WHAT IS NEEDED
The entries below should be given again exactly, minus their pictures.

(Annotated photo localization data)

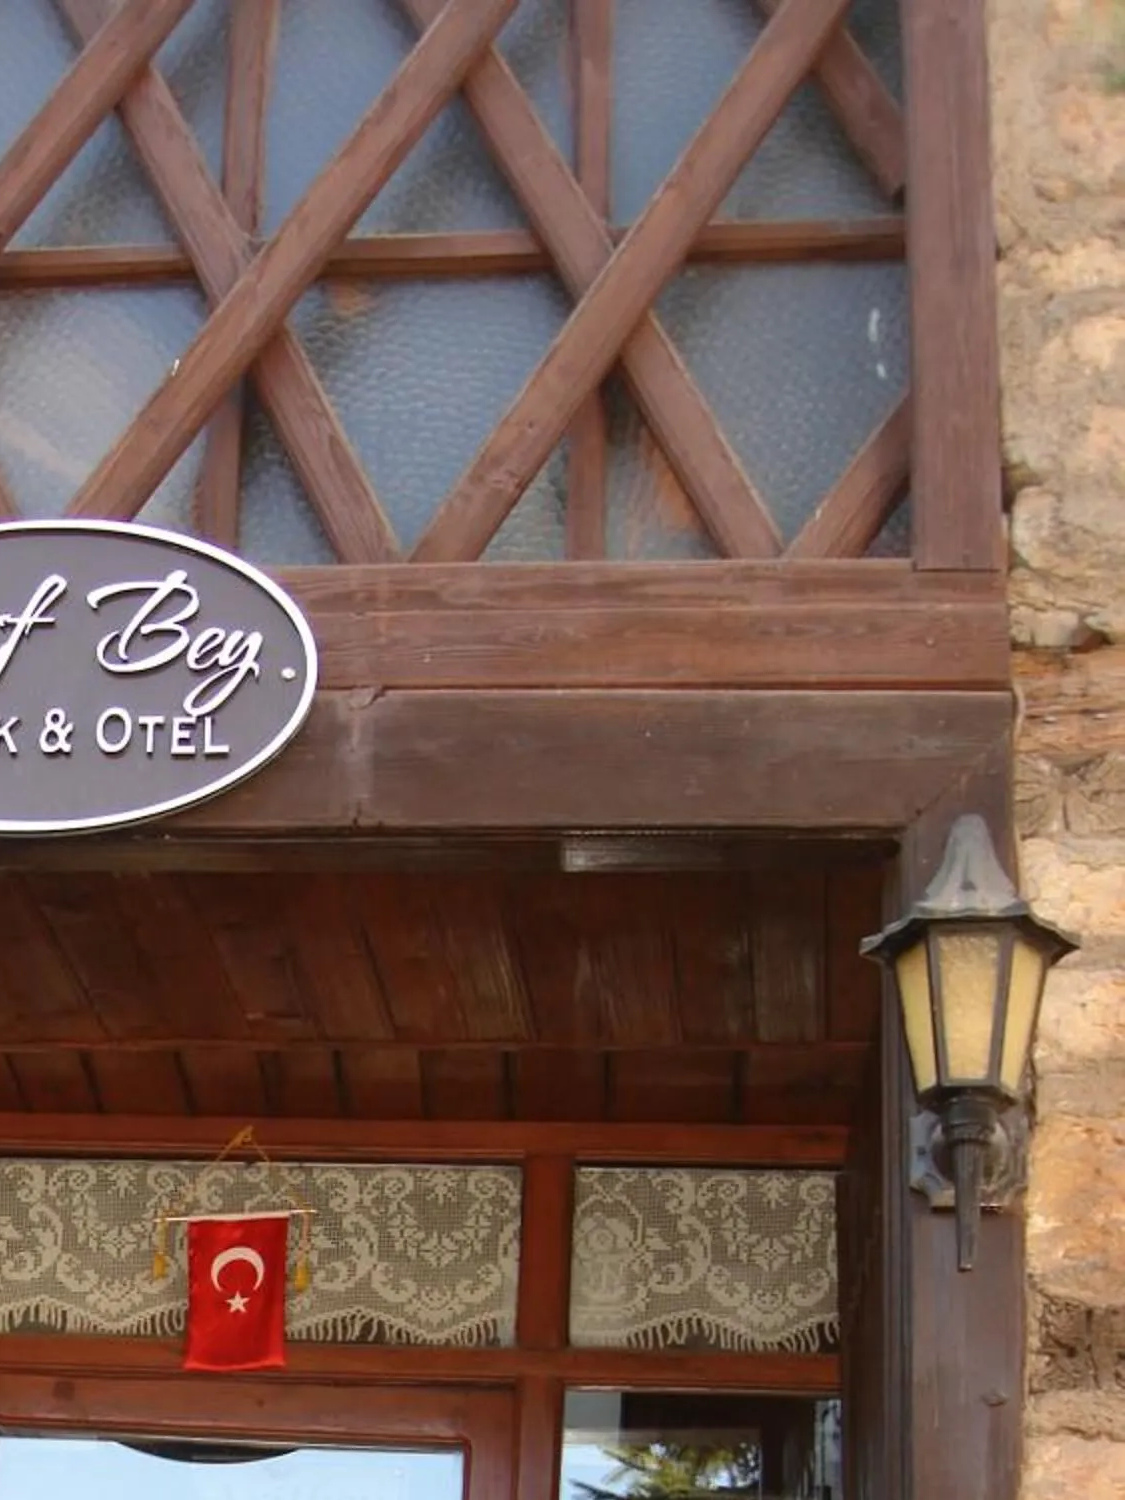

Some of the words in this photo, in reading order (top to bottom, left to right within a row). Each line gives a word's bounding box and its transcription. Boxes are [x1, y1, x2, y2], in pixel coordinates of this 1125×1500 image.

[86, 569, 262, 718] Bey
[39, 707, 73, 754] &
[95, 706, 230, 755] OTEL
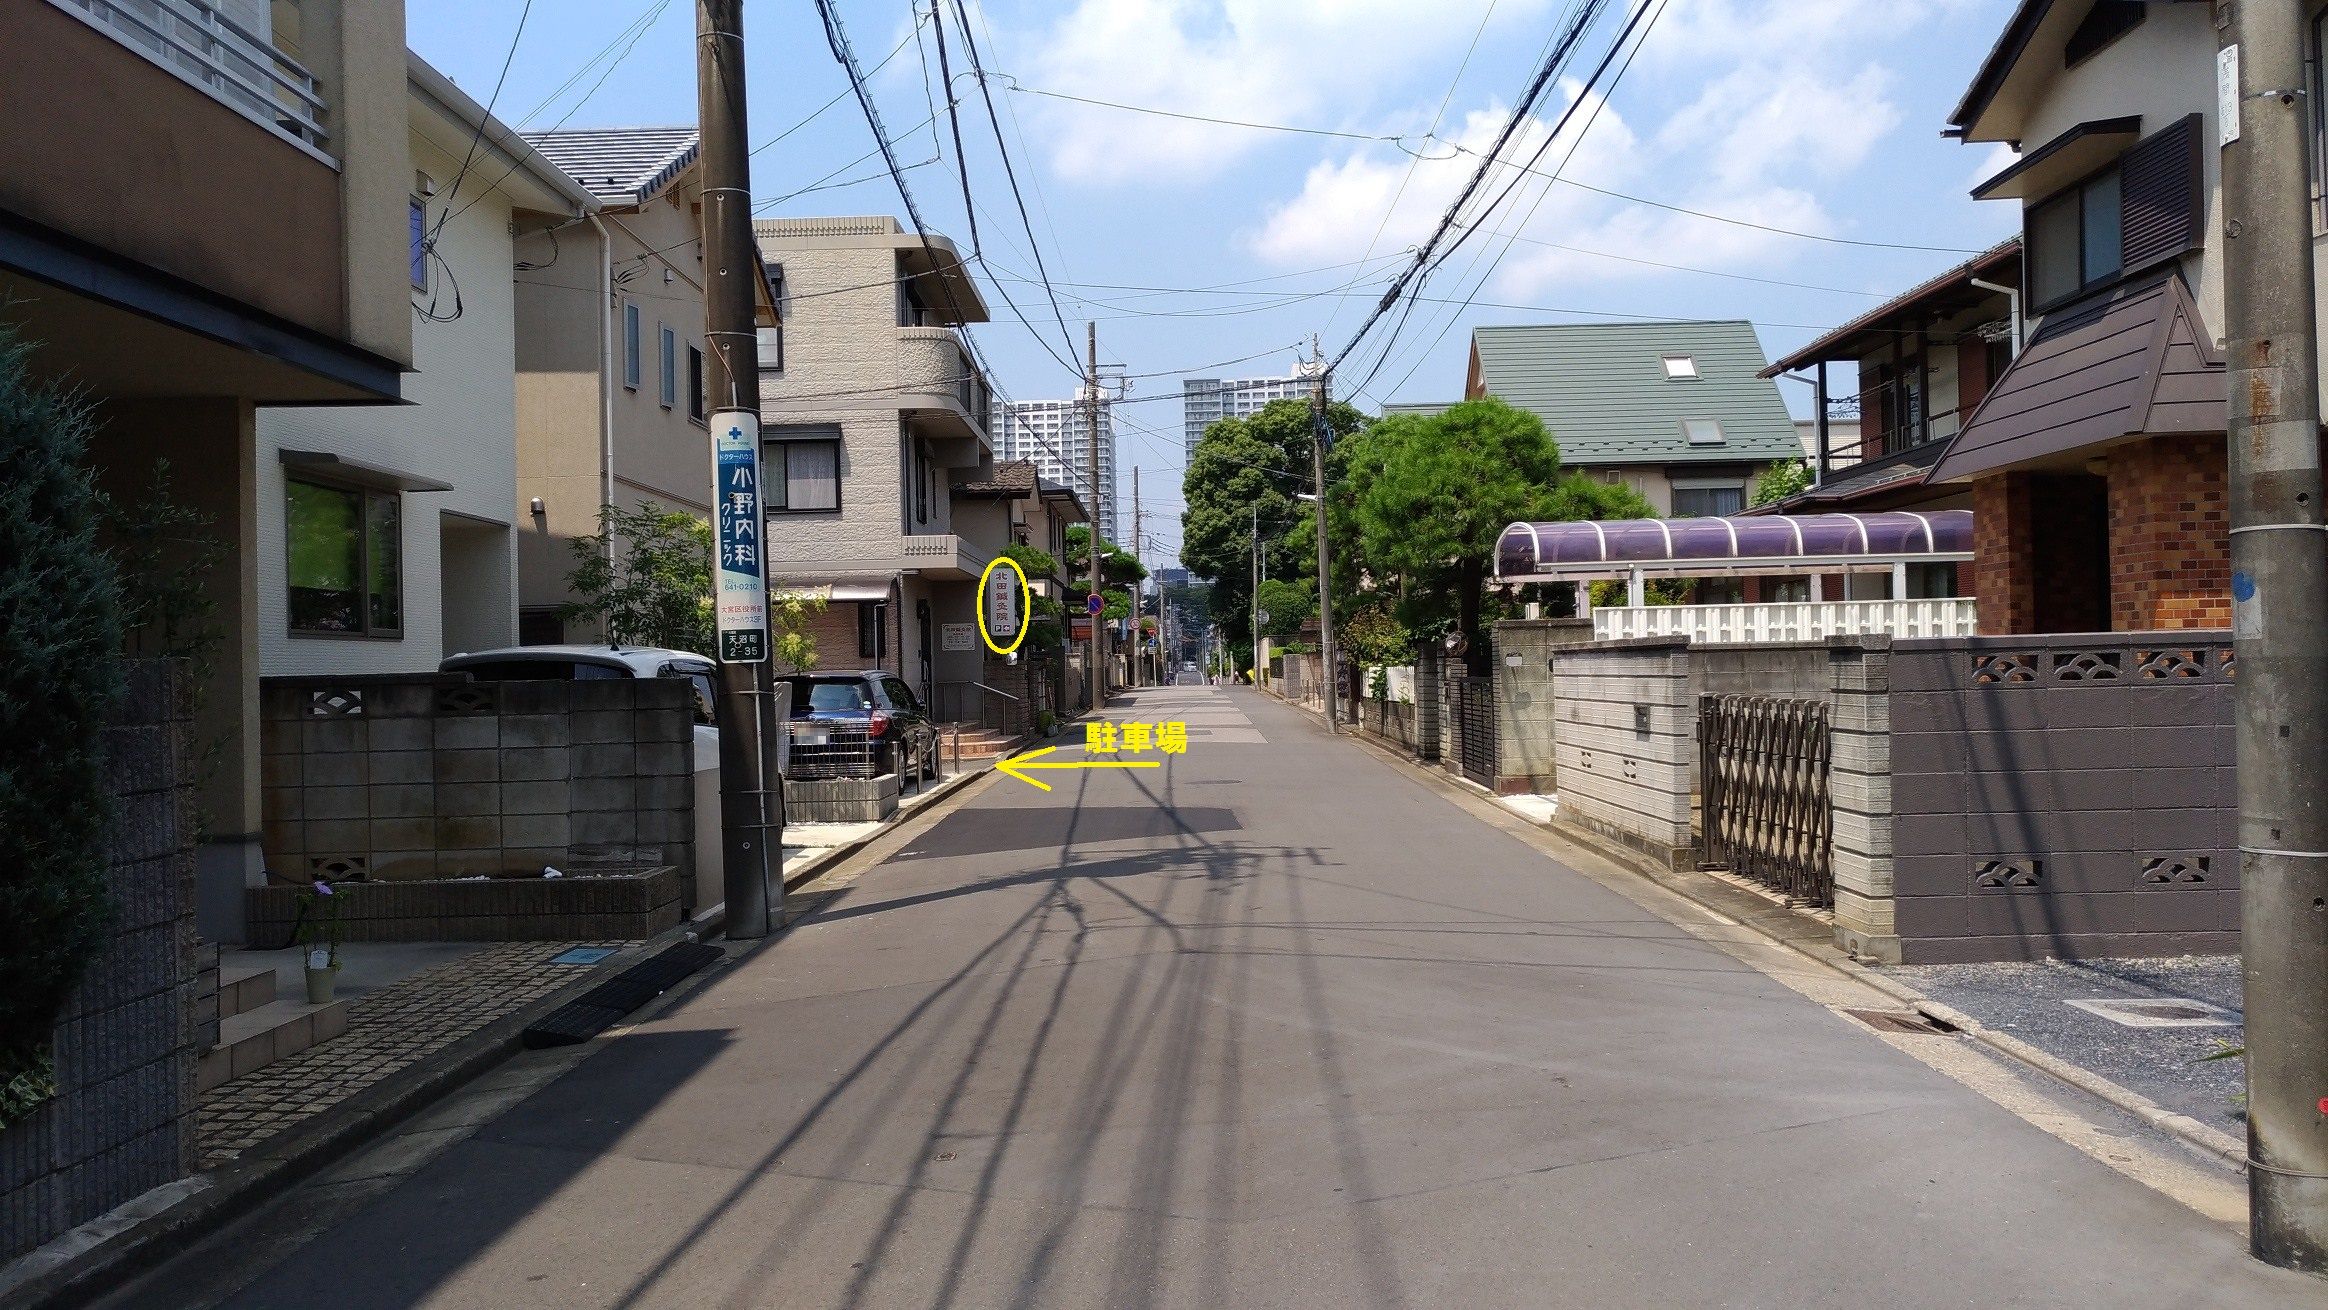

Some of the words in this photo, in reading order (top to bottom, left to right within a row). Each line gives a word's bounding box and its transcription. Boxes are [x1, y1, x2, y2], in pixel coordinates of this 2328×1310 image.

[719, 453, 754, 461] ドクターハウス
[731, 466, 756, 566] 小野内科
[721, 502, 733, 567] クリニック
[724, 583, 758, 591] 641-0210
[721, 605, 763, 614] 大宮区役所前
[728, 634, 758, 645] 天沼町
[730, 646, 758, 657] 2-35
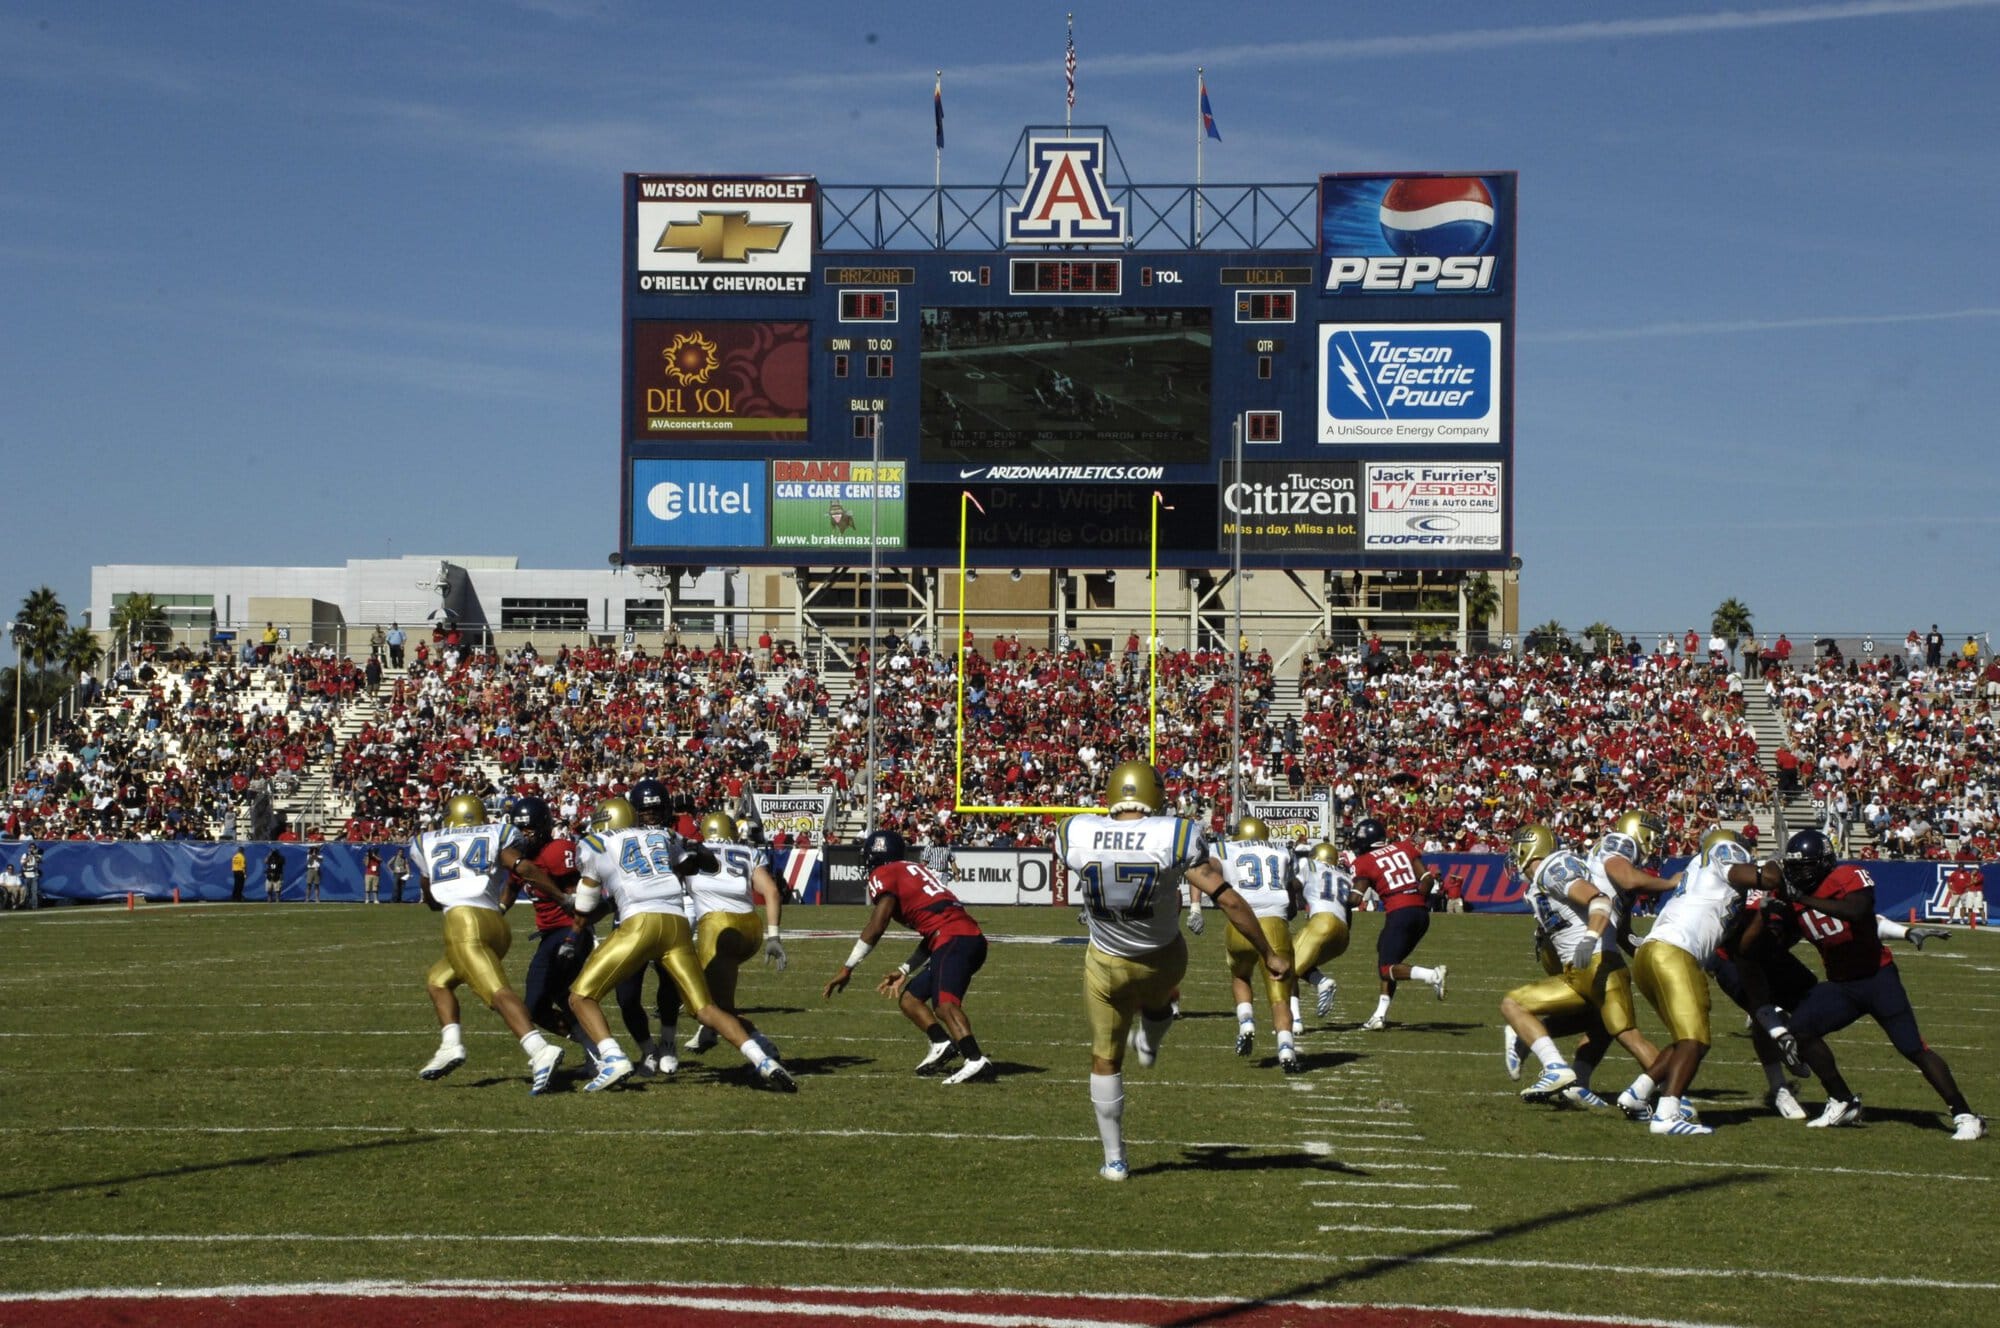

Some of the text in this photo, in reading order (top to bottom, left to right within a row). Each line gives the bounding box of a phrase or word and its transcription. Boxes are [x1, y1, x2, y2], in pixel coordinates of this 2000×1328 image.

[642, 183, 806, 198] WATSON CHEVROLET
[1006, 137, 1125, 243] A
[839, 268, 901, 283] ARIZONA
[949, 271, 976, 283] TOL
[1156, 271, 1183, 283] TOL
[1246, 270, 1284, 284] UCLA
[1325, 255, 1496, 291] PEPSI
[640, 275, 806, 291] O'RIELLY CHEVROLET
[832, 339, 850, 351] DWN
[867, 339, 892, 351] TO GO
[1257, 340, 1273, 352] QTR
[1368, 341, 1453, 363] Tucson
[1376, 364, 1475, 385] Electric
[647, 388, 735, 413] DEL SOL
[1385, 385, 1475, 407] Power
[851, 399, 884, 411] BALL ON
[650, 419, 733, 431] AVAconcerts.com
[1326, 425, 1490, 437] A UniSource Energy Company
[775, 461, 850, 482] BRAKE
[986, 466, 1164, 480] ARIZONAATHLETICS.COM
[1372, 469, 1497, 483] Jack Furrier's
[1288, 473, 1354, 490] Tucson
[776, 484, 803, 498] CAR
[807, 484, 841, 498] CARE
[1372, 482, 1497, 510] WESTERN
[647, 481, 752, 521] alltel
[991, 488, 1022, 509] Dr.
[1056, 487, 1136, 513] Wright
[1224, 482, 1358, 515] Citizen
[1410, 499, 1430, 508] TIRE
[1442, 499, 1467, 508] AUTO
[1469, 499, 1494, 508] CARE
[1002, 524, 1073, 547] Virgie
[1255, 526, 1263, 535] a
[1266, 524, 1291, 537] day.
[1294, 524, 1324, 535] Miss
[1326, 526, 1334, 535] a
[1337, 525, 1357, 535] lot.
[776, 534, 901, 546] www.brakemax.com
[278, 629, 288, 639] 26
[625, 633, 634, 644] 27
[1059, 635, 1070, 647] 28
[1502, 638, 1512, 650] 29
[1862, 640, 1874, 652] 30
[274, 781, 288, 790] 26
[821, 786, 834, 794] 28
[1313, 793, 1327, 801] 29
[1811, 800, 1825, 808] 30
[762, 800, 824, 813] BRUEGGER'S
[1256, 807, 1319, 820] BRUEGGER'S
[1093, 831, 1147, 851] PEREZ
[431, 837, 491, 885] 24
[619, 833, 674, 878] 42
[978, 867, 1012, 882] MILK
[1236, 853, 1285, 891] 31
[1375, 851, 1417, 890] 29
[906, 863, 948, 898] 3
[1854, 869, 1875, 888] 15
[1081, 861, 1160, 922] 17
[1801, 909, 1844, 941] 15

TASK SOLUTION
Some of the words in this photo, in reading order (top to bottom, left to right within a row). Each line gives a word's bounding box and its transcription. Boxes are [x1, y1, x2, y2], in pixel coordinates of this 1125×1500 image.

[86, 569, 262, 718] Bey
[39, 707, 73, 754] &
[95, 706, 230, 755] OTEL

Some of the words in this photo, in reading order (top to bottom, left to right within a row). Each line gives a word's bounding box and its transcription. Boxes are [x1, y1, x2, y2], in pixel coordinates of this 2328×1310 image.

[719, 453, 754, 461] ドクターハウス
[731, 466, 756, 566] 小野内科
[721, 502, 733, 567] クリニック
[724, 583, 758, 591] 641-0210
[721, 605, 763, 614] 大宮区役所前
[728, 634, 758, 645] 天沼町
[730, 646, 758, 657] 2-35

Some of the text in this photo, in reading order (top to bottom, left to right within a row). Each line gives the bounding box of a phrase or word and its transcription. Boxes are [x1, y1, x2, y2], in pixel coordinates of this 2000×1328 image.

[642, 183, 806, 198] WATSON CHEVROLET
[1006, 137, 1125, 243] A
[839, 268, 901, 283] ARIZONA
[949, 271, 976, 283] TOL
[1156, 271, 1183, 283] TOL
[1246, 270, 1284, 284] UCLA
[1325, 255, 1496, 291] PEPSI
[640, 275, 806, 291] O'RIELLY CHEVROLET
[832, 339, 850, 351] DWN
[867, 339, 892, 351] TO GO
[1257, 340, 1273, 352] QTR
[1368, 341, 1453, 363] Tucson
[1376, 364, 1475, 385] Electric
[647, 388, 735, 413] DEL SOL
[1385, 385, 1475, 407] Power
[851, 399, 884, 411] BALL ON
[650, 419, 733, 431] AVAconcerts.com
[1326, 425, 1490, 437] A UniSource Energy Company
[775, 461, 850, 482] BRAKE
[986, 466, 1164, 480] ARIZONAATHLETICS.COM
[1372, 469, 1497, 483] Jack Furrier's
[1288, 473, 1354, 490] Tucson
[776, 484, 803, 498] CAR
[807, 484, 841, 498] CARE
[1372, 482, 1497, 510] WESTERN
[647, 481, 752, 521] alltel
[991, 488, 1022, 509] Dr.
[1056, 487, 1136, 513] Wright
[1224, 482, 1358, 515] Citizen
[1410, 499, 1430, 508] TIRE
[1442, 499, 1467, 508] AUTO
[1469, 499, 1494, 508] CARE
[1002, 524, 1073, 547] Virgie
[1255, 526, 1263, 535] a
[1266, 524, 1291, 537] day.
[1294, 524, 1324, 535] Miss
[1326, 526, 1334, 535] a
[1337, 525, 1357, 535] lot.
[776, 534, 901, 546] www.brakemax.com
[278, 629, 288, 639] 26
[625, 633, 634, 644] 27
[1059, 635, 1070, 647] 28
[1502, 638, 1512, 650] 29
[1862, 640, 1874, 652] 30
[274, 781, 288, 790] 26
[821, 786, 834, 794] 28
[1313, 793, 1327, 801] 29
[1811, 800, 1825, 808] 30
[762, 800, 824, 813] BRUEGGER'S
[1256, 807, 1319, 820] BRUEGGER'S
[1093, 831, 1147, 851] PEREZ
[431, 837, 491, 885] 24
[619, 833, 674, 878] 42
[978, 867, 1012, 882] MILK
[1236, 853, 1285, 891] 31
[1375, 851, 1417, 890] 29
[906, 863, 948, 898] 3
[1854, 869, 1875, 888] 15
[1081, 861, 1160, 922] 17
[1801, 909, 1844, 941] 15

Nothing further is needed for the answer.